Records drawn from a dataset
┄┄┄┄┄┄┄┄┄┄
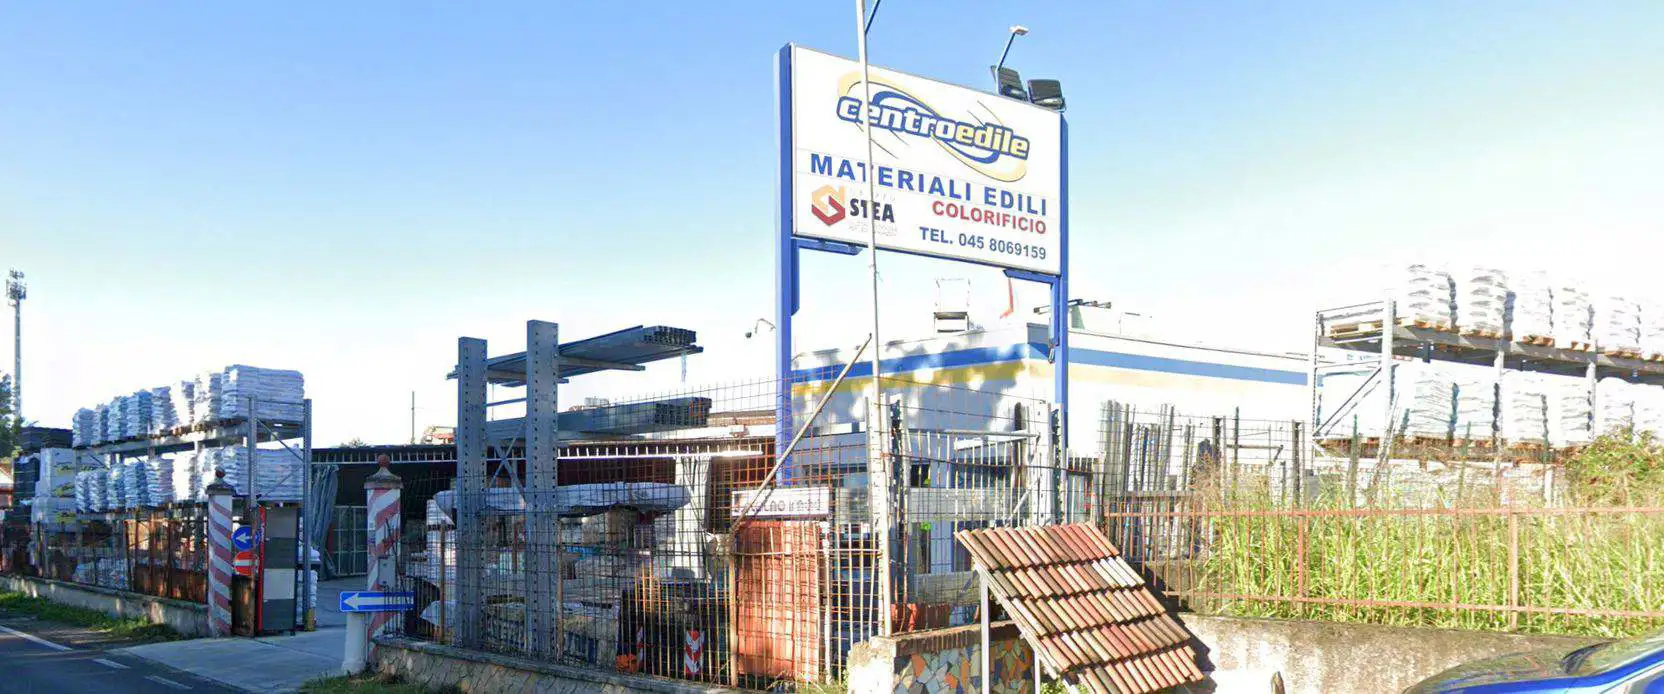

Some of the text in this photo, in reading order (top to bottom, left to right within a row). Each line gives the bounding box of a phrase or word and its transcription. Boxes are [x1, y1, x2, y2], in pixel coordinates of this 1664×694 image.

[837, 96, 1030, 160] centroedile
[850, 198, 895, 223] STEA
[932, 201, 1047, 235] COLORIFICIO
[984, 187, 1047, 216] EDILI
[919, 227, 953, 245] TEL.
[958, 233, 984, 249] 045
[989, 240, 1047, 260] 8069159
┄┄┄┄┄┄┄┄┄┄
### Required work
Nothing but the exact text of the records should appear in your answer, with no pictures. Please write it out.

### Reply to the task
Some of the text in this photo, in reading order (top to bottom, left to right within a row). Each line gives the bounding box of a phrase or word and its transcription. Boxes are [x1, y1, x2, y2], in pixel coordinates of this 1664×694 image.

[837, 96, 1030, 160] centroedile
[850, 198, 895, 223] STEA
[932, 201, 1047, 235] COLORIFICIO
[984, 187, 1047, 216] EDILI
[919, 227, 953, 245] TEL.
[958, 233, 984, 249] 045
[989, 240, 1047, 260] 8069159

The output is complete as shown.